1. Underestimating calories consumed
This is a biggie. Most people underestimate the number of calories they eat per day. That's why you have to read food labels and look up the caloric value of foods. Writing down everything that you eat -- including drinks and "bites" or "tastes" of food -- can help increase self-awareness.
Pay attention to serving sizes and use measuring cups and spoons as serving utensils to keep portions reasonable. Food eaten outside of the home tends to be much larger portion sizes and much higher in calories.
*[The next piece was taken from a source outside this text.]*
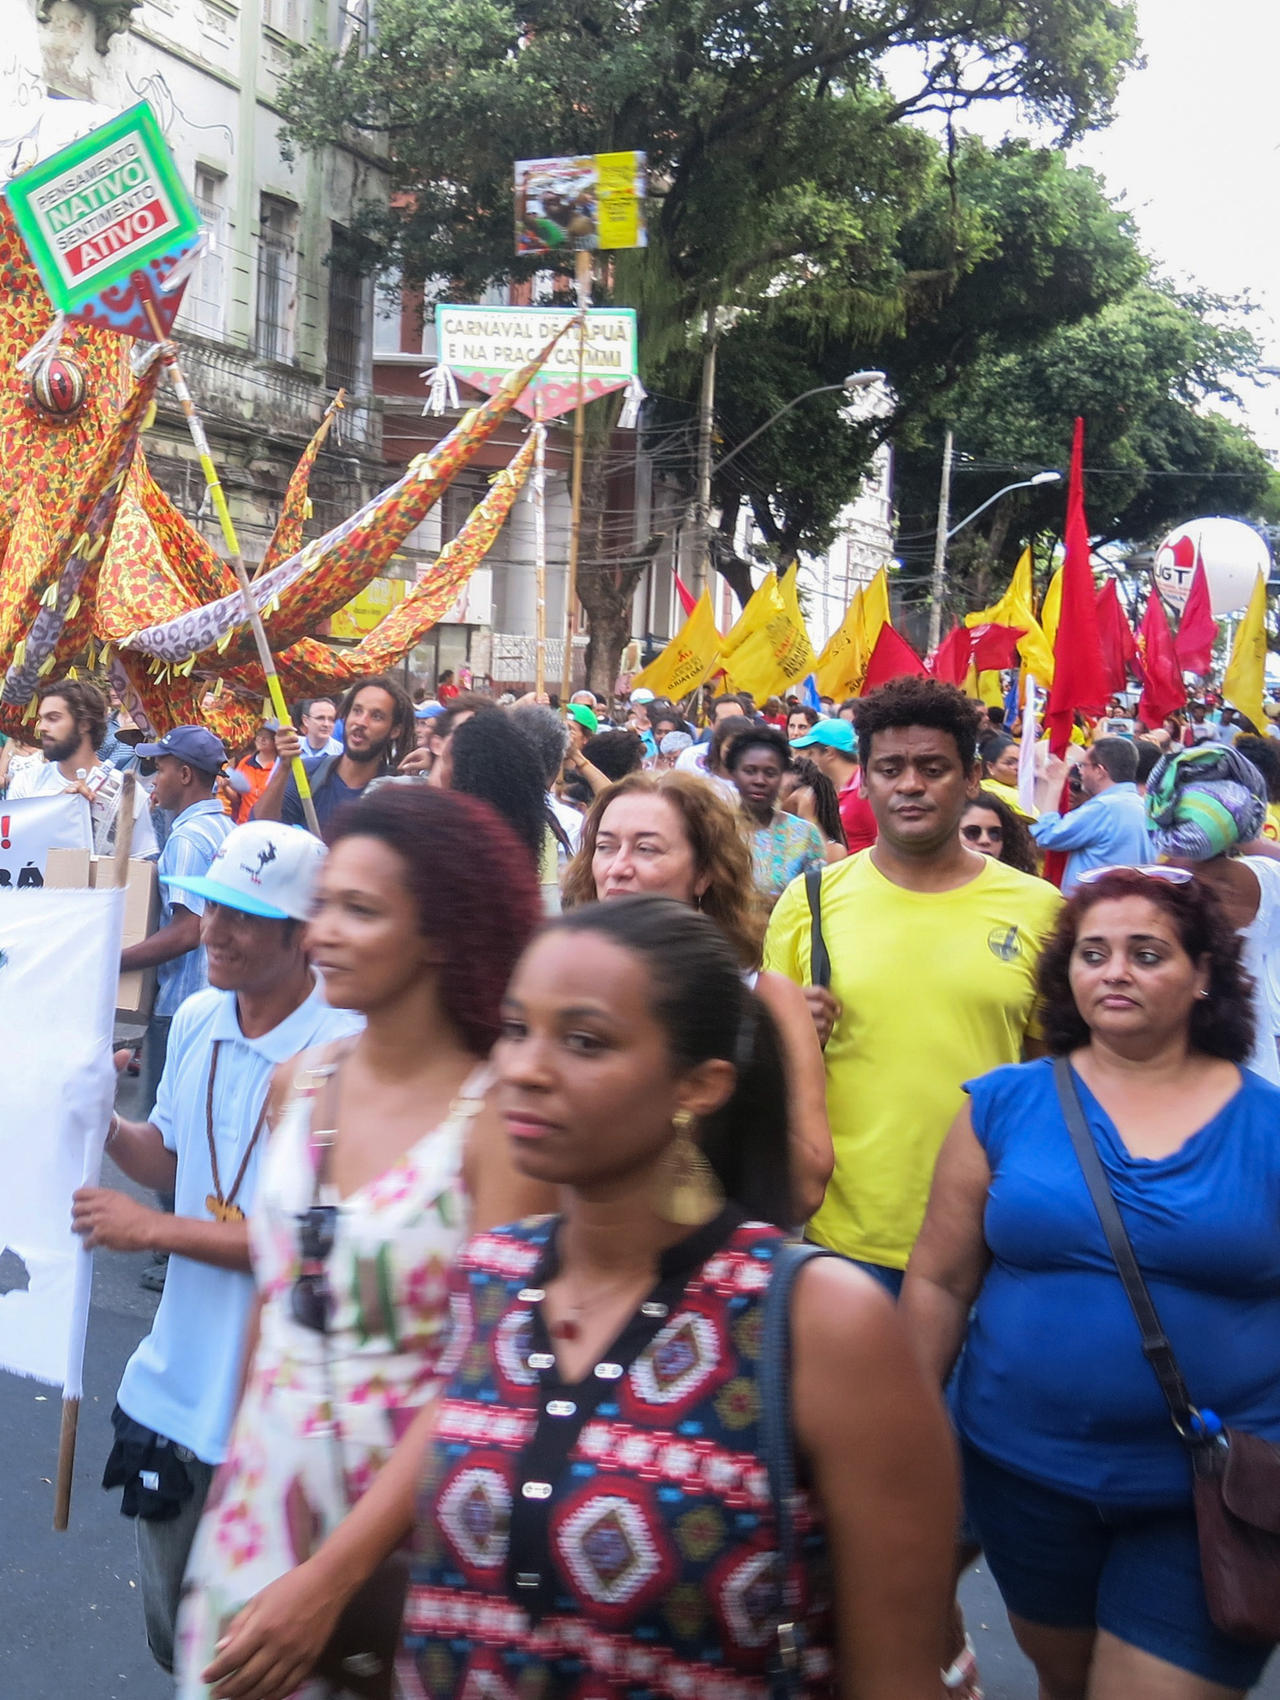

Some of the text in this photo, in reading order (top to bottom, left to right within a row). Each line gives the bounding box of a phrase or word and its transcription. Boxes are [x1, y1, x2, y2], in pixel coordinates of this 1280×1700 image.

Frequent restaurants that post the calorie content of their food.
2. Overestimating Activity and Calories Burned
If you underestimate how many calories you consume you might also overestimate how many calories you burn in a typical day. The older you get the fewer calories you burn.
“Typically you need to cut 500 calories per day to lose one pound per week," Bartfield said.
This is very hard to do through exercise alone. It would require most people to add 60 minutes or more of vigorous activity every day. Exercise is important to good health but it's much easier to reduce the calories you consume than burn them off once you've consumed them. And when you do exercise be careful -- exercise is not an excuse to eat more!
3. Poor Timing of Meals
Bartfield says people need a steady stream of glucose throughout the day to maintain optimal energy and to prevent metabolism from slowing down. Eat breakfast every day within one hour of waking up, then eat a healthy snack or meal every three to four hours. Fasting is actually counter-productive. Try not to go longer than five hours without eating a healthy snack or meal to keep your metabolism steady.
4. Inadequate Sleep
Studies have shown that people who get fewer than six hours of sleep have higher levels of ghrelin, a hormone that stimulates appetite, particularly for high-carbohydrate/high-calorie foods. In addition, less sleep raises levels of cortisol, a stress hormone, which can lead to weight gain.
“Good health practices are more than just learned, they become a regular habit and a way of life,” Bartfield said.
A good first step is to determine how many calories you need each day. The American Cancer Society maintains an online calorie calculator to help you arrive at your number.
You should also discuss it with your doctor to find the approximate number of calories you burn. From there, you and your doctors can devise a target for calorie consumption that is right for you.